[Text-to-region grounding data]
/---
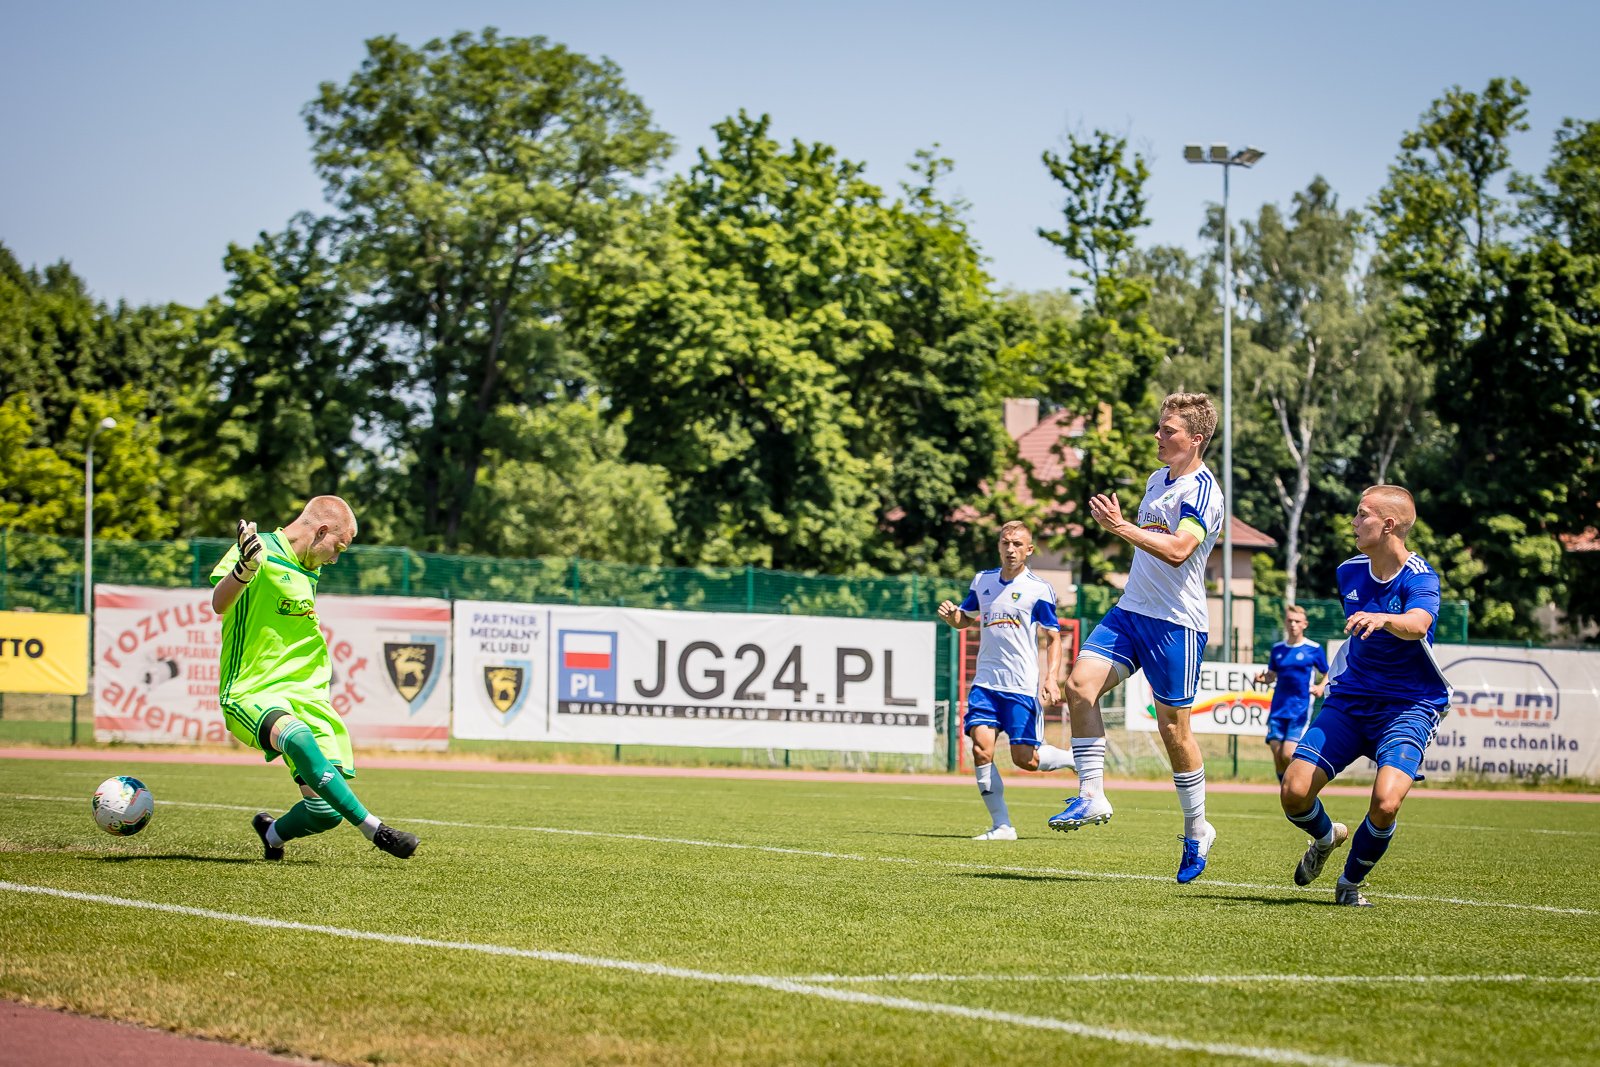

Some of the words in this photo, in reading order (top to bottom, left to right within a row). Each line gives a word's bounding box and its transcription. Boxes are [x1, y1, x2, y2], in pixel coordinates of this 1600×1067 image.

[473, 613, 537, 626] PARTNER
[103, 601, 222, 668] rozrus
[470, 626, 541, 641] MEDIALNY
[0, 638, 44, 658] TTO
[480, 641, 530, 653] KLUBU
[187, 665, 221, 681] JELE
[633, 639, 918, 706] JG24.PL
[1201, 671, 1269, 692] ELEN
[570, 673, 605, 698] PL
[332, 683, 365, 716] et
[102, 681, 226, 741] alterna
[568, 702, 675, 717] WIRTUALNE
[684, 706, 769, 720] CENTRUM
[779, 709, 863, 723] JELENIEJ
[1213, 698, 1268, 726] GÓR
[1483, 734, 1579, 750] mechanika
\---
### [Work to be completed]
All of the data must be set down exactly, with no pictures included.

### [Result]
Some of the words in this photo, in reading order (top to bottom, left to right within a row). Each line gives a word's bounding box and its transcription. Boxes are [x1, y1, x2, y2], in pixel coordinates of this 1600×1067 image.

[473, 613, 537, 626] PARTNER
[103, 601, 222, 668] rozrus
[470, 626, 541, 641] MEDIALNY
[0, 638, 44, 658] TTO
[480, 641, 530, 653] KLUBU
[187, 665, 221, 681] JELE
[633, 639, 918, 706] JG24.PL
[1201, 671, 1269, 692] ELEN
[570, 673, 605, 698] PL
[332, 683, 365, 716] et
[102, 681, 226, 741] alterna
[568, 702, 675, 717] WIRTUALNE
[684, 706, 769, 720] CENTRUM
[779, 709, 863, 723] JELENIEJ
[1213, 698, 1268, 726] GÓR
[1483, 734, 1579, 750] mechanika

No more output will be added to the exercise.